At the time I was running a forward combat aid station as a general medical officer to a Marine Corps infantry battalion. Standard protocol is to gather the casualty's disembodied limbs and tissue as best you can and place the material aboard the medevac helicopter with him so it can be destroyed in a dignified manner. But explosions have a way of defying protocol, as I learned later that day when Zero's cardboard box arrived at my aid station.
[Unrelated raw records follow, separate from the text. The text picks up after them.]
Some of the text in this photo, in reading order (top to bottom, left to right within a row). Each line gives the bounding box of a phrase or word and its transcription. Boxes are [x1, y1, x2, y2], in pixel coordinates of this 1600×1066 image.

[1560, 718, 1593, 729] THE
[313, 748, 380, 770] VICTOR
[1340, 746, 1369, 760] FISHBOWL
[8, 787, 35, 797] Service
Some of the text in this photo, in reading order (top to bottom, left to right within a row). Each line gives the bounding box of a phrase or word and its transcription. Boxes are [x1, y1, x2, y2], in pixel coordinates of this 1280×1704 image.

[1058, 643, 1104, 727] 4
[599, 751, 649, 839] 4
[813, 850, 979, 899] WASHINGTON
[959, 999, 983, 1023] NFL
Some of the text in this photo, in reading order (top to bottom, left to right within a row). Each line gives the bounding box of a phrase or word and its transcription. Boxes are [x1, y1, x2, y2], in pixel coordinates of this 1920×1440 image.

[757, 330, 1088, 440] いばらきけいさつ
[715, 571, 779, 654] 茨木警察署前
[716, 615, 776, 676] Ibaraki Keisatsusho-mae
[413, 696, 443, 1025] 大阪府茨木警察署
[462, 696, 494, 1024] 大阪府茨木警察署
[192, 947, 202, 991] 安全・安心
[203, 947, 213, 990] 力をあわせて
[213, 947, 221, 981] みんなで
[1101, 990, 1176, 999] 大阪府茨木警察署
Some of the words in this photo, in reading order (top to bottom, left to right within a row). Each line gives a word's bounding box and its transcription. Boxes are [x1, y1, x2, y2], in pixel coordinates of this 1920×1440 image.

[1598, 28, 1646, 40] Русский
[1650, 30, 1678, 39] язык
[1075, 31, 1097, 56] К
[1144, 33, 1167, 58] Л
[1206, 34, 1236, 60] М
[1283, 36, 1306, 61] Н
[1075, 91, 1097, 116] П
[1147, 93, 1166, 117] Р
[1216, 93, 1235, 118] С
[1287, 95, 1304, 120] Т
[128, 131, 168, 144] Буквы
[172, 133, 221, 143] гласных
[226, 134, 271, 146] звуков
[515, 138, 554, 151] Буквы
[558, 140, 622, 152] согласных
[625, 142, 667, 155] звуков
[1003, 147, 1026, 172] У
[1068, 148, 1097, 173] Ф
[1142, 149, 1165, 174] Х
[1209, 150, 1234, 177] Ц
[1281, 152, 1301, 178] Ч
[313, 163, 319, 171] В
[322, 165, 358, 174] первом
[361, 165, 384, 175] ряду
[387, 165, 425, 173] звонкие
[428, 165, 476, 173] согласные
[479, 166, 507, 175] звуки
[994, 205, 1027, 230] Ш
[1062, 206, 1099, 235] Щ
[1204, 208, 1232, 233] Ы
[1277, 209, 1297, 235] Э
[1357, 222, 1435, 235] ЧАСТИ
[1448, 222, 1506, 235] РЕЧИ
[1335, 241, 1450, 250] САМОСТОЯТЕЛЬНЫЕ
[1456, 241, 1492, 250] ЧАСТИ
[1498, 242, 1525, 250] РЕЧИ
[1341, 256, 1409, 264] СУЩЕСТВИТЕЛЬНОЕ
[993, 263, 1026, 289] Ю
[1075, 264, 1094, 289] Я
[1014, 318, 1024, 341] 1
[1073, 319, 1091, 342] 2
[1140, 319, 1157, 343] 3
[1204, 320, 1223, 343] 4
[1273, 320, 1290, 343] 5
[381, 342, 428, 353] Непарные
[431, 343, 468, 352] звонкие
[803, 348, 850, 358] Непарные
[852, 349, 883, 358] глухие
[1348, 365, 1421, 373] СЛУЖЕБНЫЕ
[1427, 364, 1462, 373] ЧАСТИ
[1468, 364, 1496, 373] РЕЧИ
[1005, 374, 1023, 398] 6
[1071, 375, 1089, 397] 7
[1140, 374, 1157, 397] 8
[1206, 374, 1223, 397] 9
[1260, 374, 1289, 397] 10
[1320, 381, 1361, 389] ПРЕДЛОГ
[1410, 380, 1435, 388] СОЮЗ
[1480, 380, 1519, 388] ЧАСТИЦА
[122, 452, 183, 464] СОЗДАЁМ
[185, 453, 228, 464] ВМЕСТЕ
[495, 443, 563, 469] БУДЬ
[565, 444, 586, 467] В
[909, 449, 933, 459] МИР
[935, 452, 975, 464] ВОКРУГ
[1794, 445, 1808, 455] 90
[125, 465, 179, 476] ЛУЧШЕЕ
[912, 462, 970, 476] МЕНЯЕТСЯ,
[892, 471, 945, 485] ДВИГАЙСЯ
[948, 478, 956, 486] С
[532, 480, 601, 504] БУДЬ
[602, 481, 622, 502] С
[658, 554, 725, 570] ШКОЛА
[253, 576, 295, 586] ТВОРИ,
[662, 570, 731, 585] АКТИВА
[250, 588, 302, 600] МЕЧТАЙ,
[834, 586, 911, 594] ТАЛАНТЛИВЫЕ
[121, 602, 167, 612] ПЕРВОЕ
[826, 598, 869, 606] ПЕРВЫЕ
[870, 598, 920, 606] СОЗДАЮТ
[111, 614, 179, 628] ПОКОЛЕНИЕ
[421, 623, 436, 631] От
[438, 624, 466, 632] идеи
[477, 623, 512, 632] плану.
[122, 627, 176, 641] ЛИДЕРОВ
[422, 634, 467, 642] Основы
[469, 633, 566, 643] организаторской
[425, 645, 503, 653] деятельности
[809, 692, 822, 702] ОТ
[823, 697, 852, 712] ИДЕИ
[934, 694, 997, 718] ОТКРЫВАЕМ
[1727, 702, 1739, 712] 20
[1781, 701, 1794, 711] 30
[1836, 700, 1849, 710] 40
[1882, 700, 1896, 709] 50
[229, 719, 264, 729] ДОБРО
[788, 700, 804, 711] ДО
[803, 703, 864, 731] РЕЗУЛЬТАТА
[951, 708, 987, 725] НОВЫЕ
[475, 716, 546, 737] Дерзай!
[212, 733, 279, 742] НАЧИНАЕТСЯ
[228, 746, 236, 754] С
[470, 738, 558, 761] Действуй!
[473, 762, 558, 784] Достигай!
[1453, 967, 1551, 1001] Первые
The plan was to send the box to the crematorium at Camp Bastion, but I first had to know if the contents had been violated in transit. I opened it. Inside was Zero's disembodied lower leg retrieved—after he had been choppered away—from the roof of a house near the blast. There was a boot like mine and a sock like mine and an ankle like mine. That all made sense. But what followed from there was all wrong. Rising from the ankle was a disastrous stump: The fibula was a muddy jagged tusk; the tibia was a series of chunks, none larger than a domino; both were swaddled in shredded layers of gastrocnemius, tibialis anterior, and a swishing flap of cold, flaccid fat and skin. Other little pieces were there as well, none larger than a quarter. I noted the contents, sealed and signed the parcel, and assigned a senior corpsman as its courier to the ovens at Bastion.

(snip)

Young Americans are still losing legs, hands, eyes, testicles; still burning, bleeding, or exploding to death nearly every day in Afghanistan. My brother once hypothesized that the American public would not realize the scope of the war until a confusing number of young amputees started walking American streets. I think he was right. When you inevitably meet one of the million troops who have served abroad in the last 10 years, perhaps even one of my patients, he or she will walk with some measure of tragedy that does not happen on accident. Someone was out for blood. Someone wanted this.

http://deadspin.com/5882921/twenty-citizens-worth-of-blood-flowed-through-him-a-medic-confronts-the-open-wounds-of-afghanistan

and the US just keeps creating more "someones out for blood." 100 years from now the US war on terrorists will still be going on...it's designed to never end.